WHAT IS EXPECTED. A word-for-word copy of the records that follow is needed, with every picture omitted.

DATA EXTRACTS.

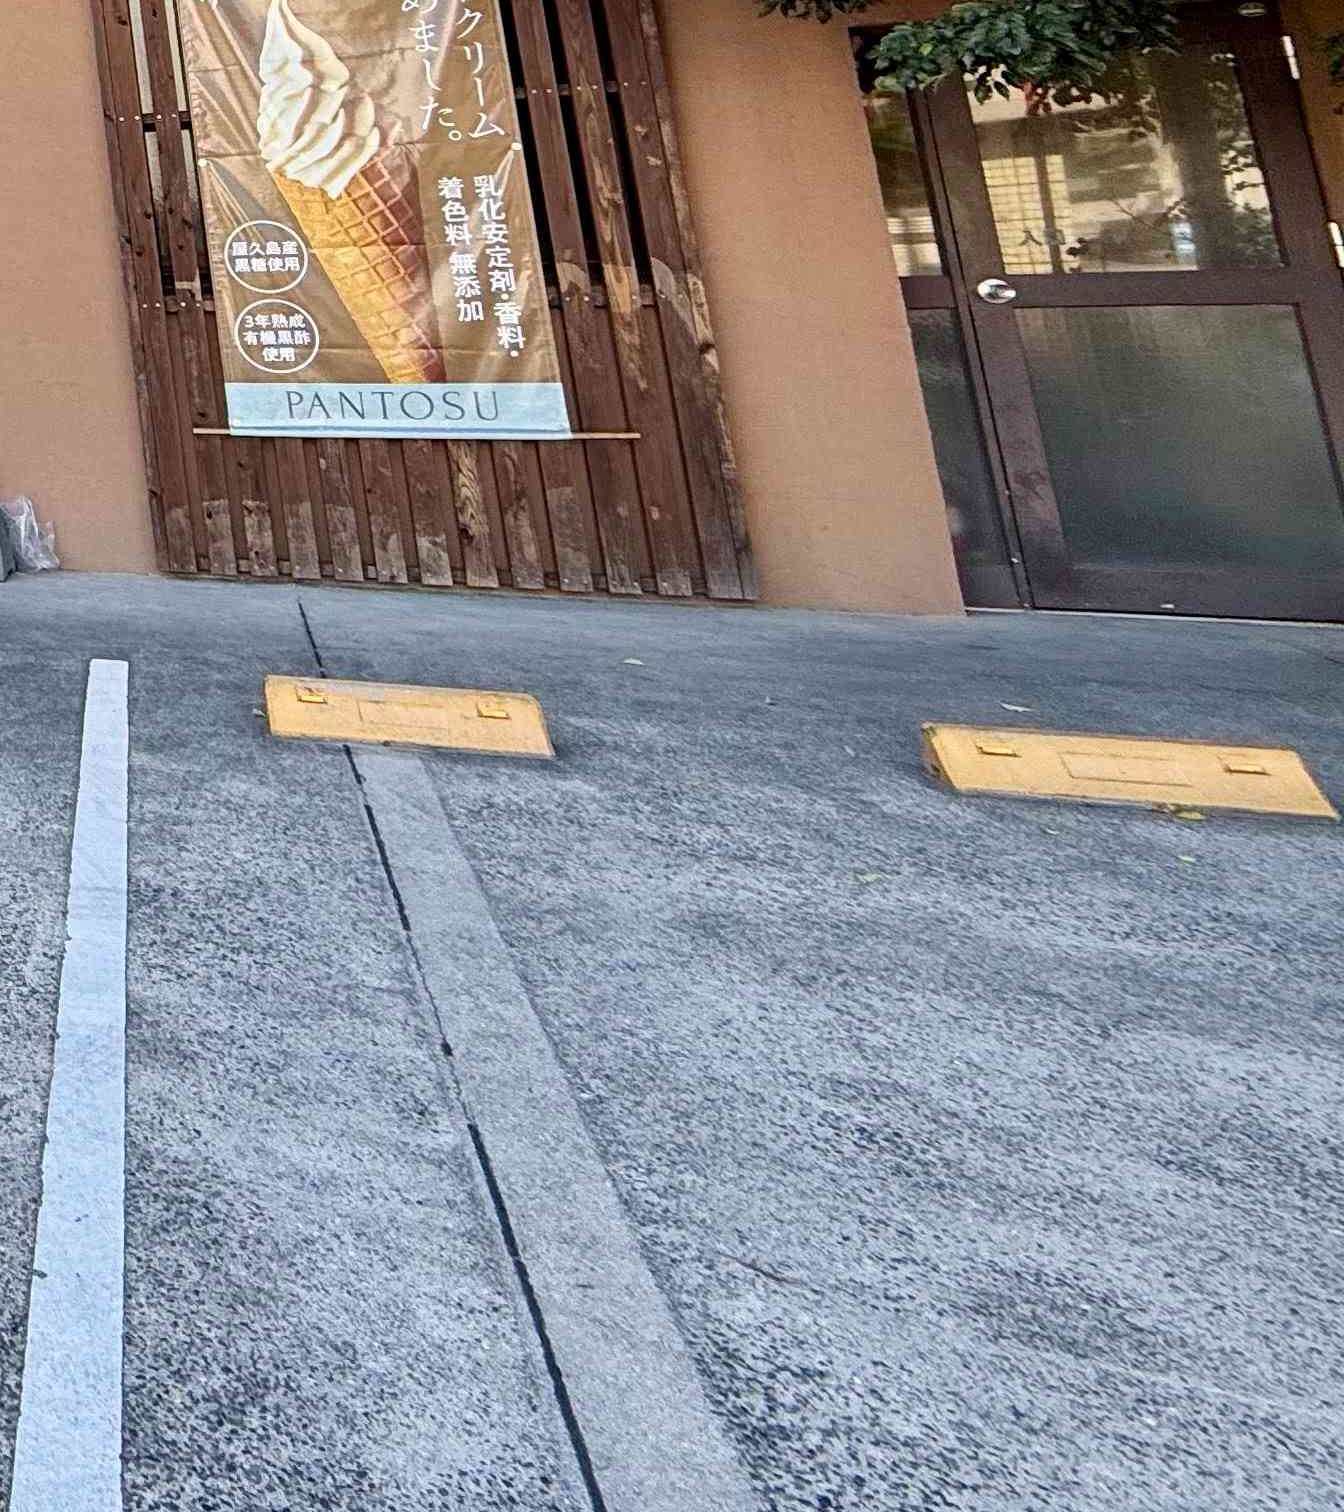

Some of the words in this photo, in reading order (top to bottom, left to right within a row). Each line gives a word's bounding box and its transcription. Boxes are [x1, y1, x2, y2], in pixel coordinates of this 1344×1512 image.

[232, 241, 298, 256] 屋久島産
[244, 313, 305, 328] 3年熟成
[242, 330, 311, 346] 有機黒酢
[263, 347, 296, 362] 使用
[286, 390, 499, 422] PANTOSU

ANSWER TO THIS EXERCISE.
Some of the words in this photo, in reading order (top to bottom, left to right within a row). Each line gives a word's bounding box and its transcription. Boxes are [x1, y1, x2, y2], in pixel coordinates of this 1344×1512 image.

[232, 241, 298, 256] 屋久島産
[244, 313, 305, 328] 3年熟成
[242, 330, 311, 346] 有機黒酢
[263, 347, 296, 362] 使用
[286, 390, 499, 422] PANTOSU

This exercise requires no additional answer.